Jessie Williams introduce “Eternal”. En primer término una balada apenas revestida por una tímida línea de piano, que termina por redirigir hacia medio tiempo, tal vez algo recargado, pero en el que el contraste entre los dos registros me funciona y me agrada. Su gama de riffs puede no resultar del todo llamativa pero da igual porque lo importante, ese trazo ascendente, tan clásico, resulta tan bien ejecutado que no queda otra que rendirse.
“The Dark Side Of Me” resulta en una brevísima andanada de metal encendido y descarnado, acorde en gran medida con el rasgado registro de una Hynphernia más colérica que nunca.

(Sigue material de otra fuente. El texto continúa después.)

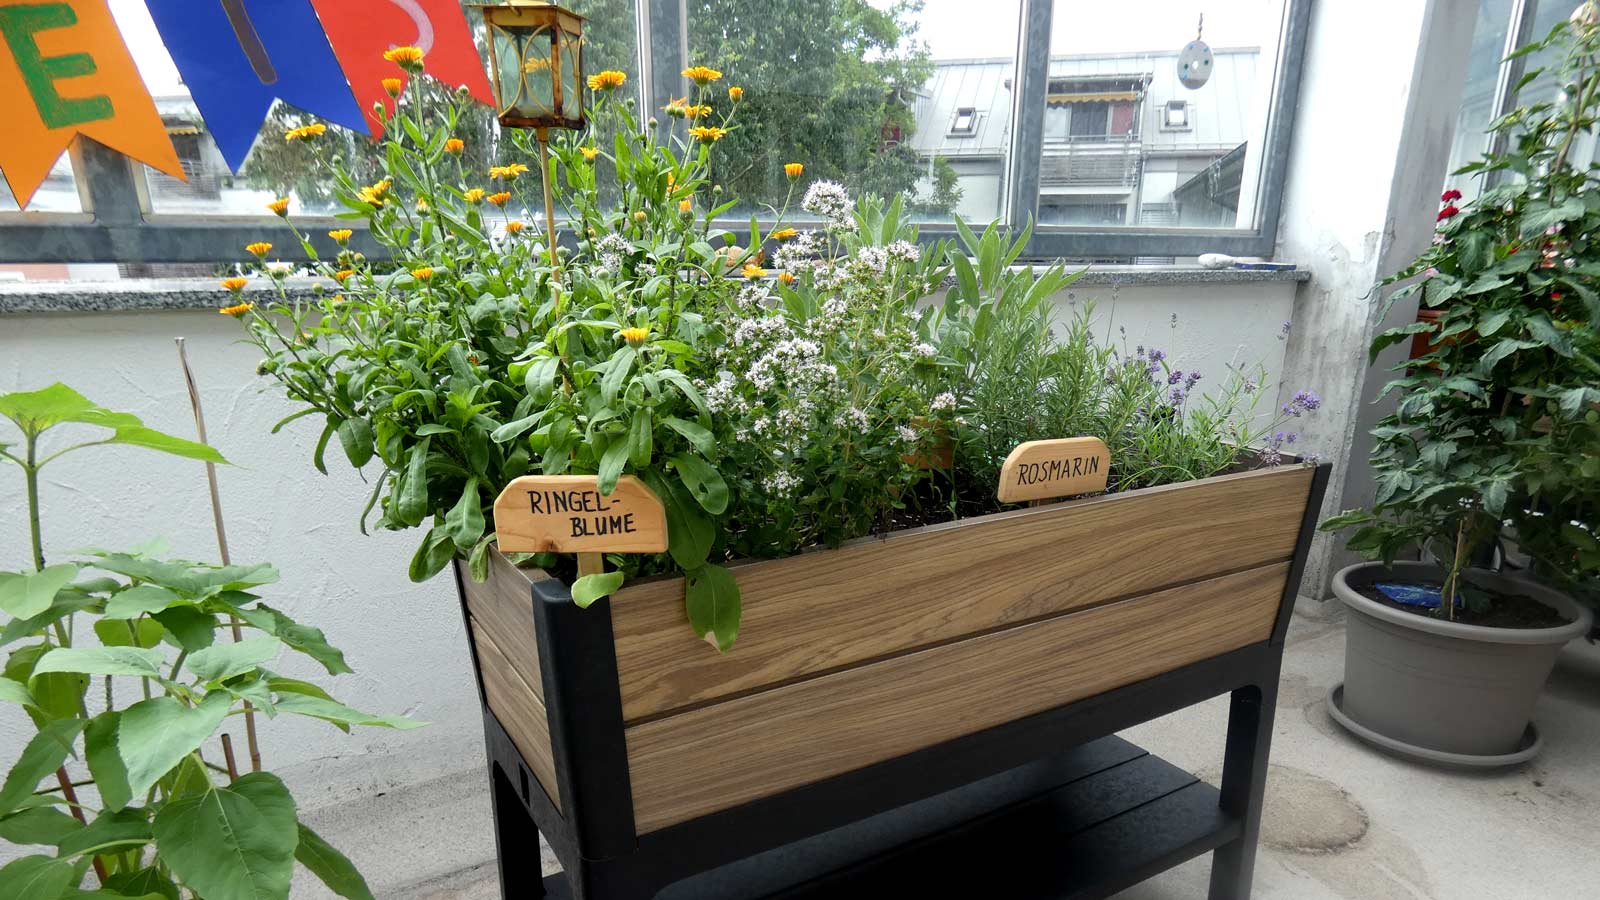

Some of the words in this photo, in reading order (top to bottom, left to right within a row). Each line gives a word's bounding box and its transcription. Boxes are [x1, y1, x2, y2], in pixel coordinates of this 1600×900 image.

[1017, 455, 1100, 486] ROSMARIN
[527, 490, 621, 515] RINGEL-
[569, 512, 637, 538] BLUME
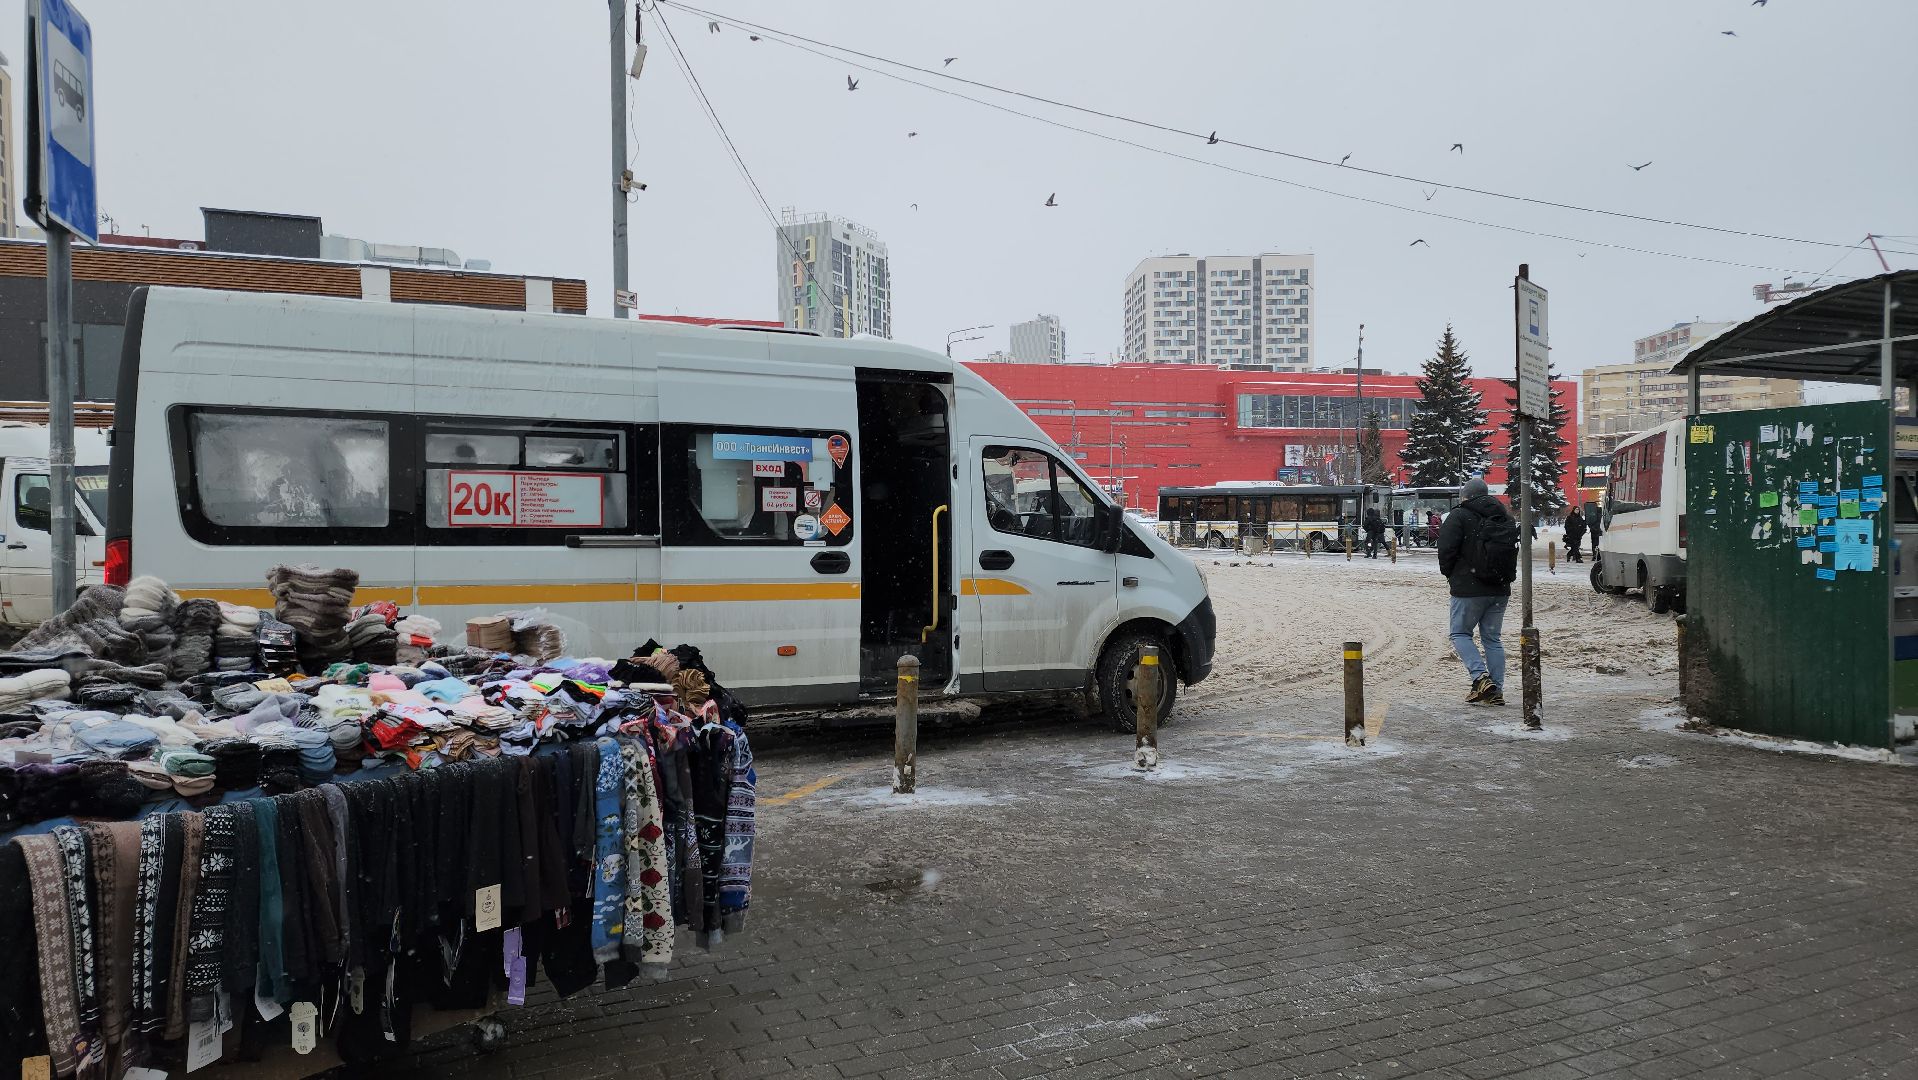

Poco más de minuto y medio apenas atravesado por una pequeña isla de mayor calado melódico en su corazón mismo. Si pestañeas te lo pierdes que decía aquél.
“The Enigma Of The Sands” es apenas una introducción de aires egipcios que ejerce de cinemático anticipo a una “The Crawling Chaos” donde encontramos a Rosalía Sairem. Corte que amén del contraste que de nuevo se produce entre ambas voces llama la atención por ese avanzar más pesado del que Death & Legacy echan mano. Confluye con esos arreglos de corte oriental en un tema diverso y bien construido, que alterna esa mayor pesadez con breves arranques más briosos, casi lindantes con el power metal más acomodado.
Dos cortes bien diferenciados aguardan su turno en esta parte final del álbum. El primero de ellos es este “Dying Life, Dying Lie” de arranque comedido, casi brumoso. Conduce hacia un metal que reproduce primero la vertiente más pesada de la banda para después acomodar un metal de fuerte poso melódico, contrastado como siempre por la grave voz de Hynphernia. Buenos riffs aquí, diversos y bien medidos. Un corte que por construcción quizá no me resulte sobresaliente pero capaz de llegar a término cumpliendo en buena medida sus propósitos.
Y el segundo “An Ocean Of Sorrow”, instrumental de inicio tan tranquilo como elegante gracias en gran parte a esa atmósfera tan liviana de la que se reviste. En buena medida es el recipiente de un largo y bien calibrado solo de guitarra. Sin alardes innecesarios ni florituras ególatras. Pero también un corte bien armado, ese crescendo tan clásico, que viene a ejercer de distinguido broche final al cuarto de los castellanoleoneses.
La primera impresión que me causó el disco en una primera escucha fue la de lo mucho que la banda ha crecido desde el anterior “Inf3rno”. Death & Legacy ganan además en solidez, amplifican registros y conceden poco lugar a la duda. No encuentro errores de bulto. Quizá sí una duración algo escasa en estos tiempos de trabajos cada vez más elefantiásicos. Pero más allá de eso, un conjunto de canciones en su mayoría bien construidas y por lo general mejor ejecutadas. Algún pequeño desequilibrio en cuanto a producción pero, a grandes rasgos un álbum hábil tanto a la hora de sonar contundente como de transitar por la calma más absoluta. Composiciones con gancho e invitados de auténtico lujo. Mi más sincera enhorabuena.